Peep Peterson, member of the board of the Estonian Unemployment Insurance Fund (EUIF) and head of the Estonian Trade Union Confederation (EAKL), has said that the current unemployment insurance fund reserve, which stands at over €800 million, would be wholly depleted in the next major economic crisis as things stand right now. As a result the unemployment insurance contribution percentage cannot be lowered over the next four years, he says.
The EUIF has thus proposed that the government leave the unemployment insurance contribution rate unchanged over the next four years, at its present figure of 2.4%, 1.6% of which is payable by the employee and 0.8% by the employer, as reported on ERR's radio news.
The EUIF's funds are projected to reach €812 million by the end of next year.
Peep Peterson admitted that tax reductions had been under discussion, but the the EUIF's board finally decided against doing so.
Promises of reform need to become reality
In fact, Mr. Peterson went further in his appraisal of the current situation in the EUIF: "Today, unemployment insurance is helping too few people, and is in urgent need of reform, not least because different political parties ‒ Social Democrats, the Centre Party, the Reform Party ‒ have each already confirmed that such a reform is planned,'' he said.
''Therein lies the reason why we have agreed this time to build up a bit of 'fat' in the unemployment insurance fund than the expected amount needed.
In June, Chancellor of Justice Ülle Madise petitioned the Riigikogu and the Minister of Health and Labour, Riina Sikkut, on the need to make the unemployment insurance system more flexible.
According to Ms. Madise, the current system leaves the majority of people who have lost their income with no means of financial support. Furthermore, inequality and, in some cases, unconstitutional situations, might be resolved if unemployment insurance benefits are viewed primarily as insurance for the loss of income earnings, she says.

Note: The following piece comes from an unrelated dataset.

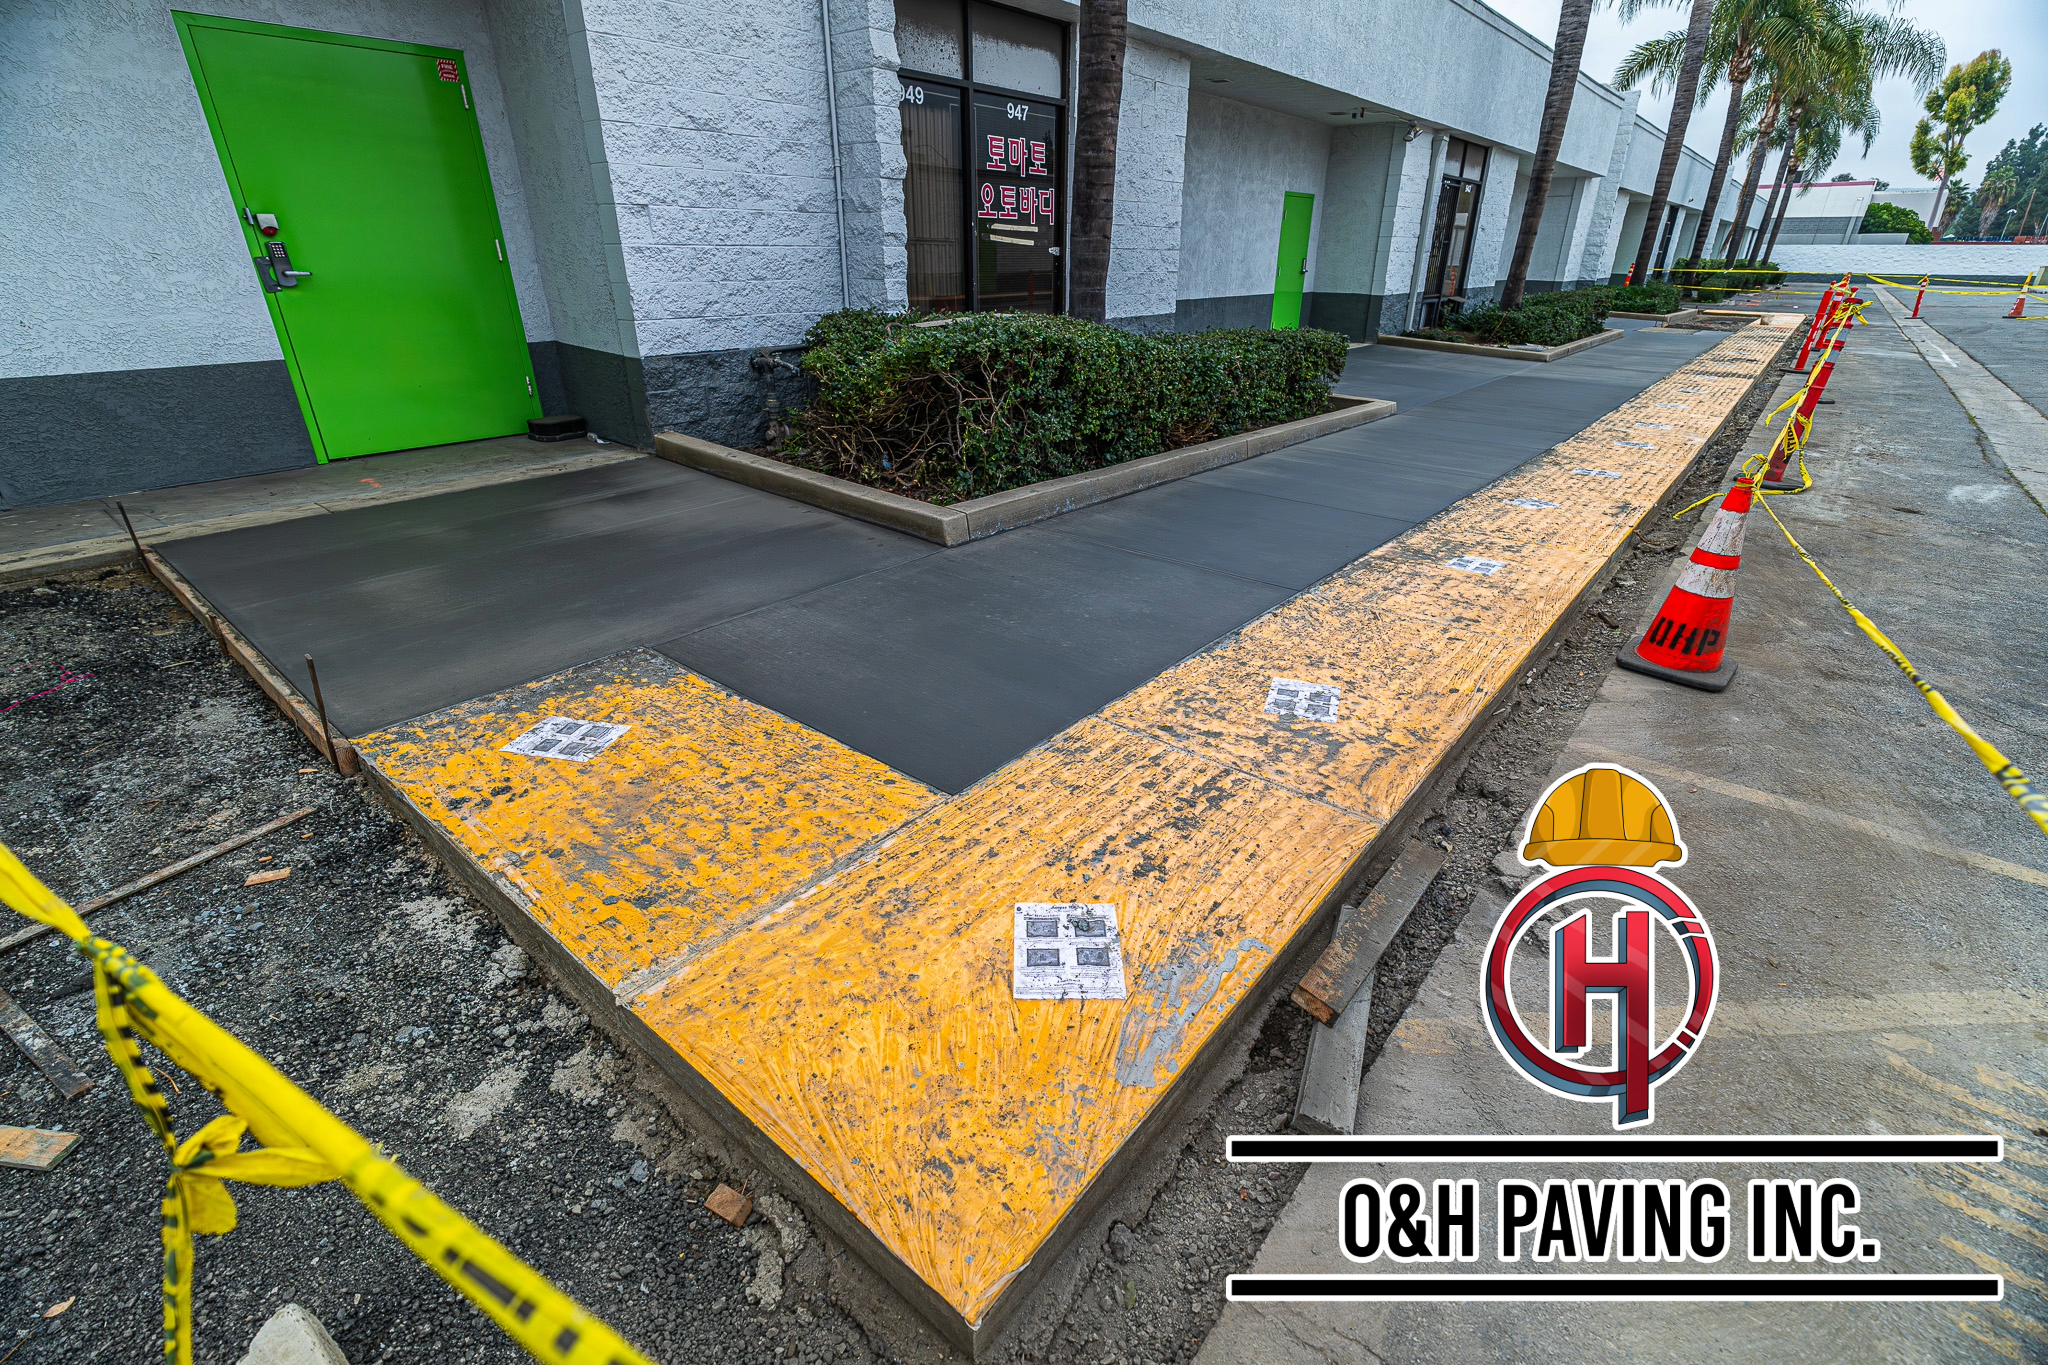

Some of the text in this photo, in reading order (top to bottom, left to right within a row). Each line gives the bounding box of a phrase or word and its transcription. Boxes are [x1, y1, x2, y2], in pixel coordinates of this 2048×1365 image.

[1006, 102, 1029, 121] 947
[986, 134, 1047, 177] 토마토
[978, 182, 1055, 225] 오토바디

Inconsistencies in the system
To return to Peep Peterson, in his view, in anticipation of a possible reform and any expansion of the circle of contributors, payments cannot be reduced right now. In fact at present only one third of people who register themselves as unemployed receive compensation from the EUIF. According to Mr. Peterson, post-reforms, this net could be spread considerably wider.
"We have a lot of work to get on top of related with atypical work contracts, which currently are under protection, but we also have many people whose seniority does not allow them to receive cover. And undoubtedly those who are coming out of work contracts should also be covered. This is this sector of society on whose behalf we would like to negotiate and who need protection," Mr. Peterson went on, forecasting that in the next 12 months the EUIF will increase its funds to the tune of €39 million.
"At the moment we are building up the reserve relatively slowly. At the same time even one billion Euros mightn't get us through a crisis of the same magnitude as the last one,'' he went on. The fact is we still need a reserve significantly more than we currently have," Mr. Peterson added.
The Ministry of Social Affairs, under whose auspices the Minister of Health and Labour falls, together with the Minister of Social Protection, is procuring analysis on unemployment reform which should be ready by March 2019, it is reported.